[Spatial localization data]
* * * * * * *
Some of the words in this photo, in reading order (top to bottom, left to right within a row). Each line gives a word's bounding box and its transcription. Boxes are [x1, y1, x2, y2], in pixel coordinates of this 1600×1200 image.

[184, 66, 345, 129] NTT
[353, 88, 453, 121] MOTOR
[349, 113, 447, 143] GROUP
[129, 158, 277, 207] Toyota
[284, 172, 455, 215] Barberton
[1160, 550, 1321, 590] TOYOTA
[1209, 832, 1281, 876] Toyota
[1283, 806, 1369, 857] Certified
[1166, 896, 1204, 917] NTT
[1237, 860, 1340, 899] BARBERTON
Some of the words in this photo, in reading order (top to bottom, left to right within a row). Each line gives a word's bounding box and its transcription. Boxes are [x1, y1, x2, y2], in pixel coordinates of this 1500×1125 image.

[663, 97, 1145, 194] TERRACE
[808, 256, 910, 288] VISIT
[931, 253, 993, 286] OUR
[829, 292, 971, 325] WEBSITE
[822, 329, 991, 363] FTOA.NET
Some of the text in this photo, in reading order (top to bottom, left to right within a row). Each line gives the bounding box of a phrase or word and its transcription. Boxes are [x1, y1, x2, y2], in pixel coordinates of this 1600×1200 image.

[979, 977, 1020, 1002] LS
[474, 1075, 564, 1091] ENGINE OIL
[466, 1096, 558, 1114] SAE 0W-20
* * * * * * *
▶ Task instructions
Reproduce exactly the line containing "this 1500×1125 image." and every line after it through the end of the records above, and nothing else.

▶ Answer to the exercise
Some of the words in this photo, in reading order (top to bottom, left to right within a row). Each line gives a word's bounding box and its transcription. Boxes are [x1, y1, x2, y2], in pixel coordinates of this 1500×1125 image.

[663, 97, 1145, 194] TERRACE
[808, 256, 910, 288] VISIT
[931, 253, 993, 286] OUR
[829, 292, 971, 325] WEBSITE
[822, 329, 991, 363] FTOA.NET
Some of the text in this photo, in reading order (top to bottom, left to right within a row). Each line gives the bounding box of a phrase or word and its transcription. Boxes are [x1, y1, x2, y2], in pixel coordinates of this 1600×1200 image.

[979, 977, 1020, 1002] LS
[474, 1075, 564, 1091] ENGINE OIL
[466, 1096, 558, 1114] SAE 0W-20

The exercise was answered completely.